La maestra uscì, e papà avrebbe voluto seguirla ma si fermò sulla soglia, esitò. Rimase lì a capo chino, poi si girò, venne verso di noi, ci abbracciò e scoppiò a piangere, e noi con lui. Anche la piccola Valentina nella culla cominciò a piagnucolare. Piangevamo per la nostra mamma, mentre papà per la sua amata moglie, ma nelle nostre lacrime c’era più dolore che nelle sue. Le lacrime di un orfano sono uguali in tutto il mondo e l’angoscia di un bambino senza madre è la stessa in tutte le lingue. Fu l’unica volta nella vita che vidi papà piangere.

Papà rimase con noi per altre due settimane; lavorava nel settore forestale, la loro squadra doveva andare nei boschi. Cosa fare? Non c’erano altri lavori nel villaggio. Papà si accordò con una vicina, le lasciò soldi per il cibo e portò la piccola Valentina da un’altra vicina e se ne andò nei boschi.

Così rimanemmo sole. La vicina veniva, cucinava, accendeva il fuoco e poi se ne andava, aveva le sue faccende. E noi rimanevamo tutto il giorno da sole: avevamo freddo, fame, paura.

Il villaggio si preoccupava di come aiutarci. Serviva una donna per salvare la famiglia. Ma non una qualsiasi, una speciale, capace di accogliere dei bambini non suoi come fossero propri. Ma dove trovarla?
Nelle chiacchiere si venne a sapere che una parente lontana di una nostra compaesana era una giovane donna, lasciata dal marito perché non poteva avere figli. Oppure aveva avuto un figlio, ma era morto e non ne aveva avuti altri, nessuno lo sapeva davvero. Riuscirono a scoprire il suo indirizzo, le scrissero una lettera e tramite quella zia, Margherita, chiamarono per noi Zina.

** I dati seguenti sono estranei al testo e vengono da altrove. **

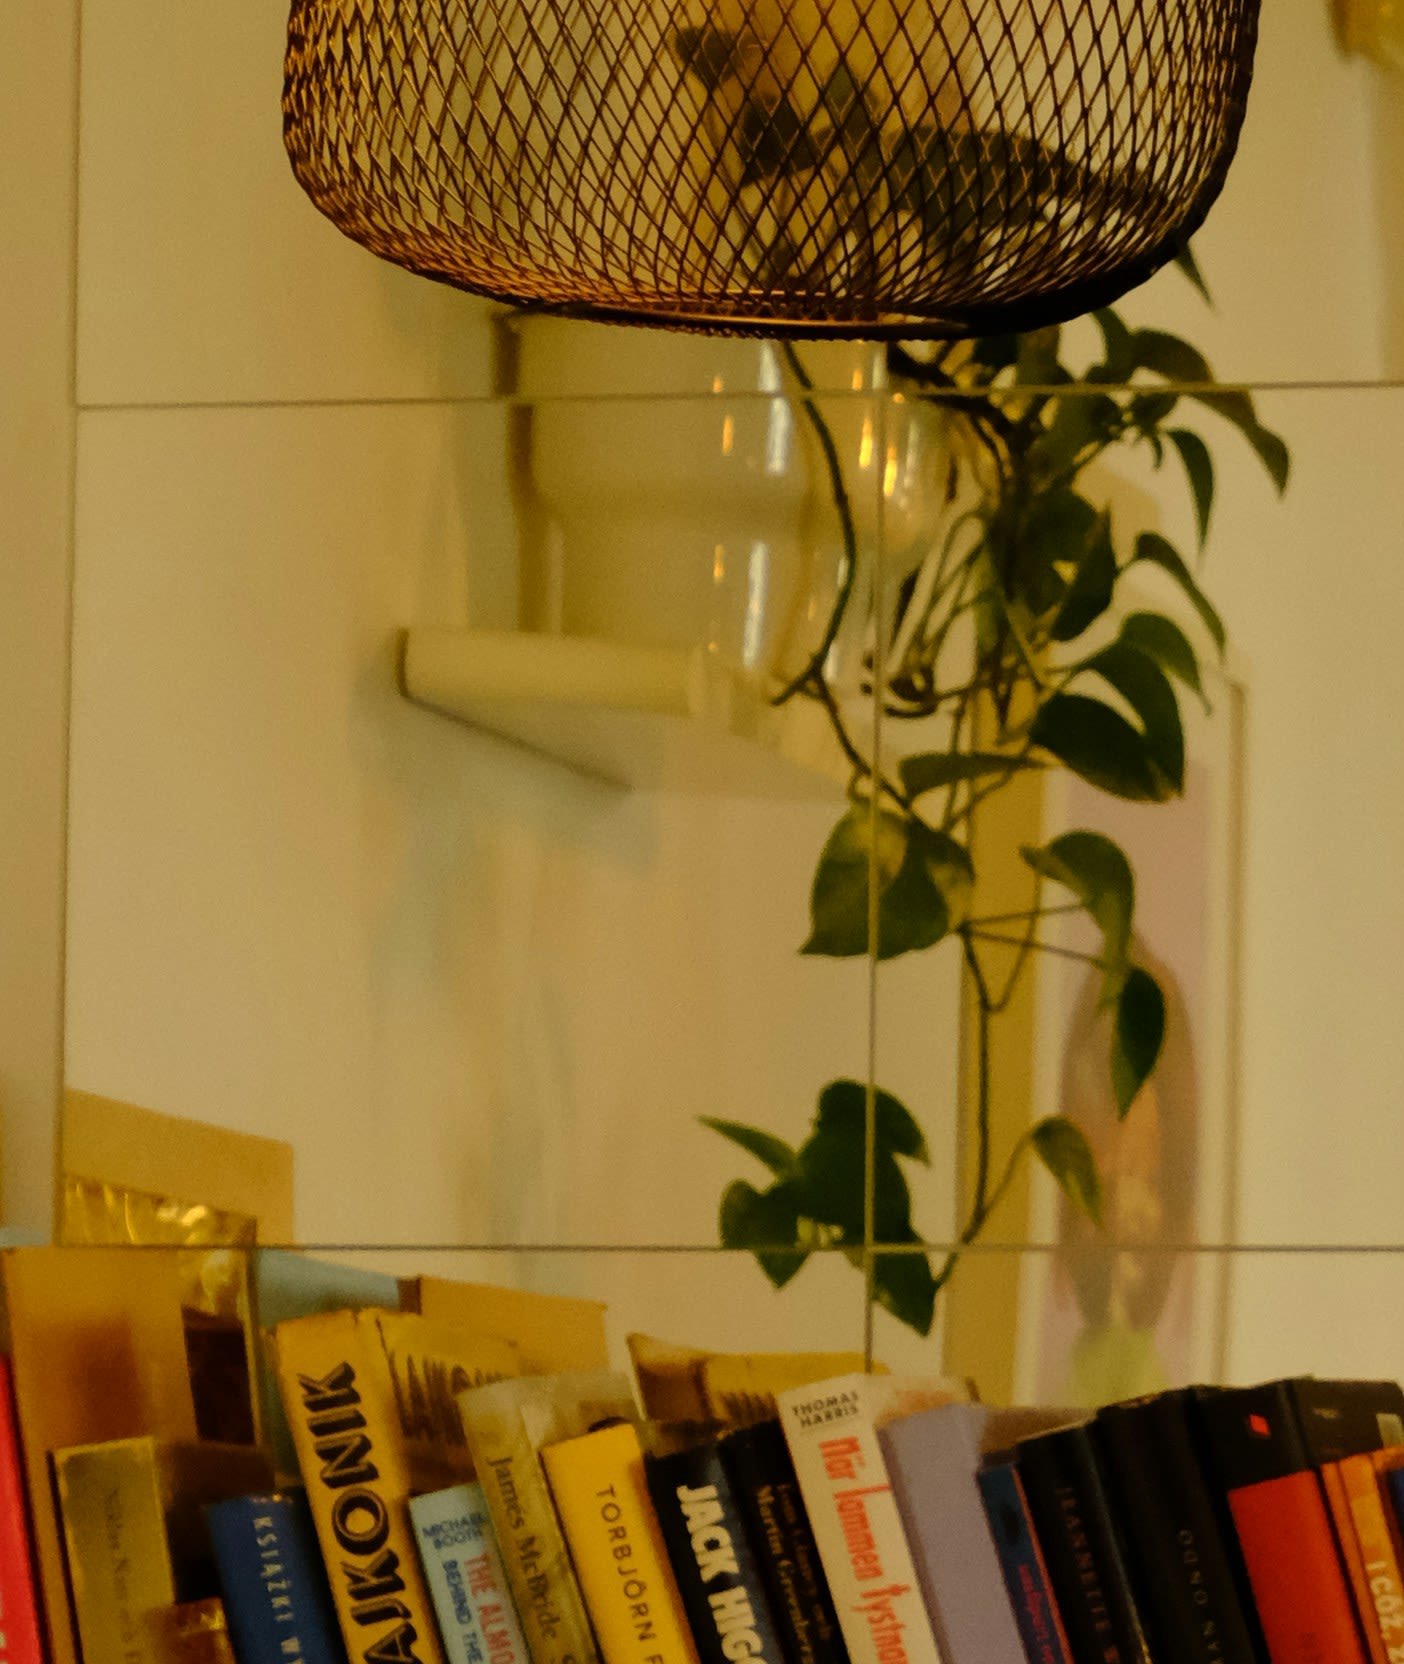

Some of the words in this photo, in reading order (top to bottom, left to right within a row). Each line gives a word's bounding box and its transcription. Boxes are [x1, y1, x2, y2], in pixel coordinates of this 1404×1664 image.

[791, 1390, 859, 1416] THOMAS
[800, 1405, 859, 1428] HARRIS
[816, 1431, 869, 1485] När
[421, 1512, 484, 1539] MICHAEL
[433, 1528, 483, 1550] BOOTH
[486, 1451, 530, 1530] James
[515, 1534, 566, 1641] McBride
[673, 1476, 741, 1584] JACK
[752, 1484, 789, 1555] Martin
[251, 1513, 293, 1622] KSIĄŻKI
[463, 1552, 497, 1598] THE
[592, 1482, 661, 1644] TORBJÖRN
[1365, 1557, 1390, 1573] I
[441, 1558, 473, 1626] BEHIND
[461, 1631, 483, 1664] THE

Papà era ancora nelle foreste quando Zina venne da noi una mattina presto. Entrò in casa così piano che non l’udimmo. Mi svegliai e c’erano passi in casa. Camminava proprio come mamma, qualcuno che apparecchiava in cucina, e per tutta la casa c’era un profumo! Frittelle!

Io e mia sorella osservammo silenziosamente. Zina preparava tutto senza far rumore: lavò i piatti, pulì i pavimenti. Alla fine, dai rumori capì che ci eravamo svegliate.

– Su, venite, piccoline, mangiamo!
Ci sorprese che ci chiamasse piccoline. Effettivamente, avevamo i capelli chiari e gli occhi azzurri come mamma.
Raccogliemmo il coraggio e uscimmo dalla stanza.
– Sedetevi a tavola!

Non dovevano chiamarcelo due volte. Mangiammo le frittelle e già sentivamo fiducia verso quella donna.
– Mi chiamo zia Zina. Chiamatemi così.

Poi zia Zina ci fece fare il bagno, lavò tutto per noi e se ne andò. Il giorno dopo l’aspettavamo: tornò! La casa si trasformò sotto le sue mani. Tornò pulita e ordinata, come quando c’era mamma. Passarono tre settimane e papà era nei boschi. Zia Zina ci accudiva, meglio non poteva essere, ma probabilmente soffriva e non ci lasciava affezionare. In particolare, la piccola Veronique si avvicinava a lei. Era comprensibile, aveva solo tre anni allora. Io ero più cauta. Zia Zina era severa. Non sorrideva molto. Mamma era allegra, cantava canzoni, amava ballare, chiamava papà “Gianni”.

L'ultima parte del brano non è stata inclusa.